Но мамочка так искренне расстраивалась, — столько боли, столько мольбы в голосе, — что я, дабы освободить ее от воображаемых кошмаров, поступила в училище на озеленителя. Там много инвалидов учится. Не вуз, конечно, зато для мамы никаких «призраков прошлого». Хотя ей и это не просто. Одно дело — приступы время от времени, а в остальном все как у всех: планы, работа, возможности… А тут вдруг инвалидность: дочка-эпилептик вместо дочки-ого-го. Вот мама меня и стыдится. Да и болезнь, — нет чтобы попроще что-нибудь. Однажды мы с ней к врачу пошли. Пока в очереди ждали, она «на минутку» отошла, да так и не вернулась. Пришлось мне один на один с врачом беседовать. Что поделаешь, — у каждого свои силы. Мне, в любом случае, от болезни не уйти, — вот и свыкаюсь, а мамочке трудно все это. И со стороны приступы мои выглядят и правда страшно. Бедная, бедная мама!
Неприятно было понять, что не оправдываю маминых надежд, но жизнь продолжается.
Вот, учусь и еще устроилась дворником, причем в собственный двор. И не столько ради денег, сколько от желания хоть куда-нибудь деться, зачем-то но пригодиться. По зарплате это очень мало. Поэтому дворники обычно по несколько участков берут. Я пока два взяла. Так и зарплата побольше, и голова свободна: убирайся и думай «о чем» жить.
Это я себе после одного разговора с Господином Актером так придумала. На одной из бабушкиных Ассамблей он вдруг заинтересовался, кто из писателей мне нравится. Я назвала несколько фамилий, а под конец Корсакова вспомнила, — это из дореволюционных саратовских знаменитостей. Сегодня его мало кто знает, а я случайно в каком-то сборнике пару рассказов прочла, потом уж прицельно его читала. Хорошо, просто, сердечно писал. Конечно, о природе много. Но самое интересное, что в череде книг о грустном и мучительном, он, как и Аксаков, о счастье говорил. Господин Актер и завел: книги о счастье… писать о… радоваться о…

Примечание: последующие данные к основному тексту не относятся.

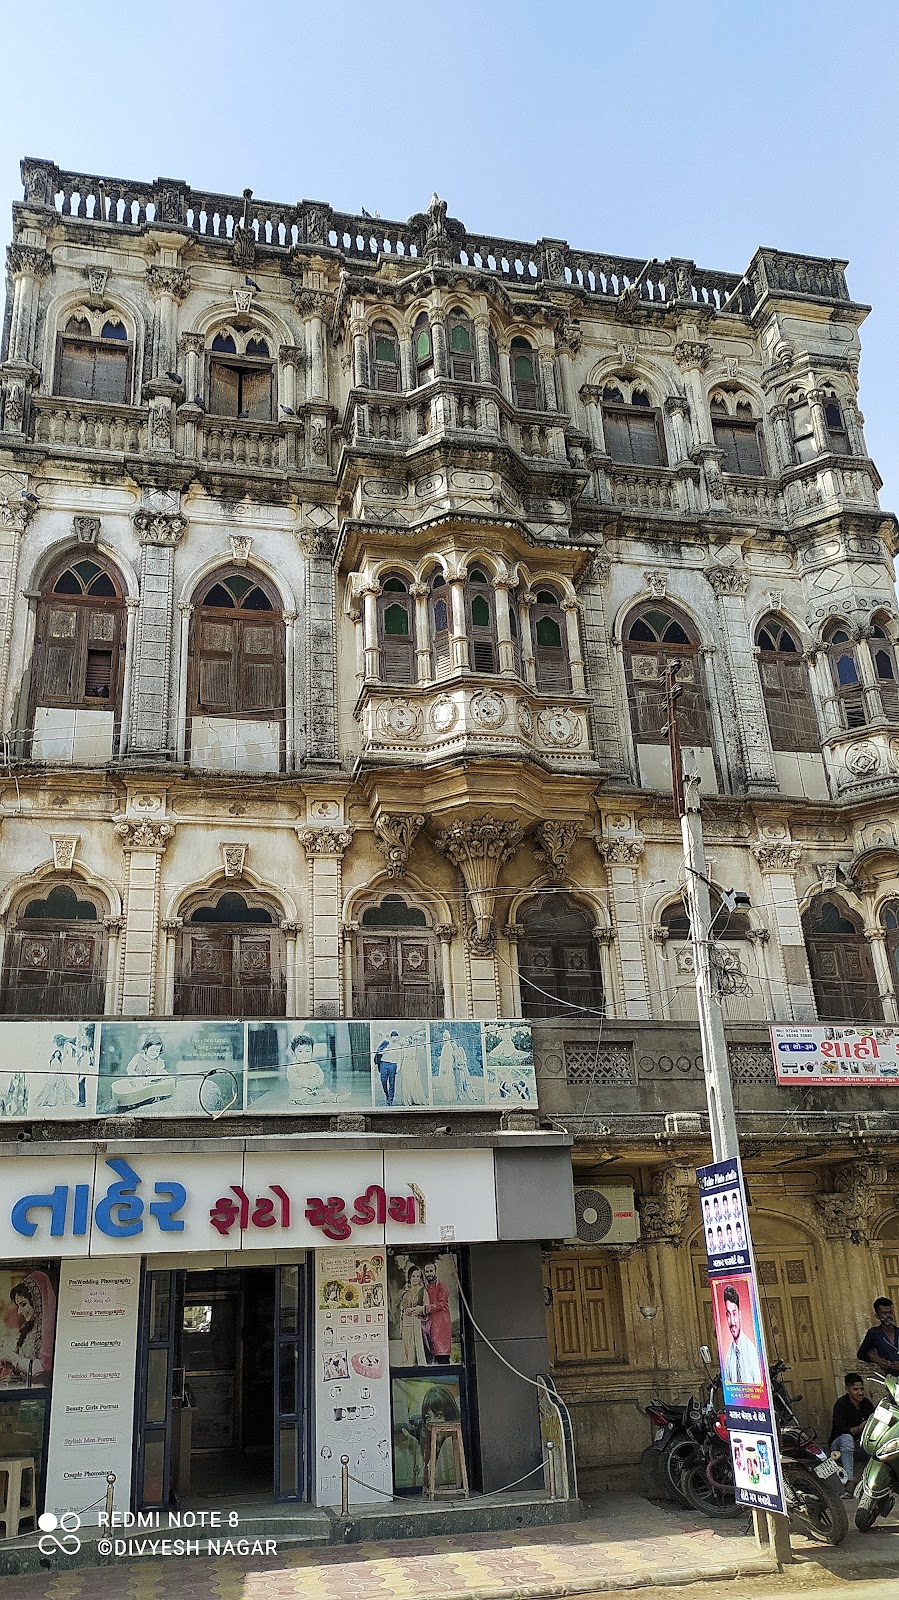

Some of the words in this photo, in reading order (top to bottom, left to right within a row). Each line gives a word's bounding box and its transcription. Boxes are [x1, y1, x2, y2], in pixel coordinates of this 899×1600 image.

[820, 1036, 880, 1059] શાહી
[11, 1159, 186, 1238] તાહેર
[209, 1184, 290, 1236] ફોટો

А я додумалась, что и жить тоже можно «о». Это когда призвания своего наверняка не знаешь, про смысл ничего не придумала, но чувствуешь, куда сердце стремится. Не в смысле профессии и работы, а в самом простом, человеческом смысле, — в смысле доброты и мудрости.
Для меня то что надо.
Познакомилась с Екатериной, маминой приятельницей. Уж где они пересеклись не знаю, а только мама в полном восхищении была. Мне хоть и интересно было это знакомство, но узнать Екатерину самой — возможности не было. Да и сама эта мысль нелепой казалась: это же мамина знакомая, не моя. Хорошо им, и ладно.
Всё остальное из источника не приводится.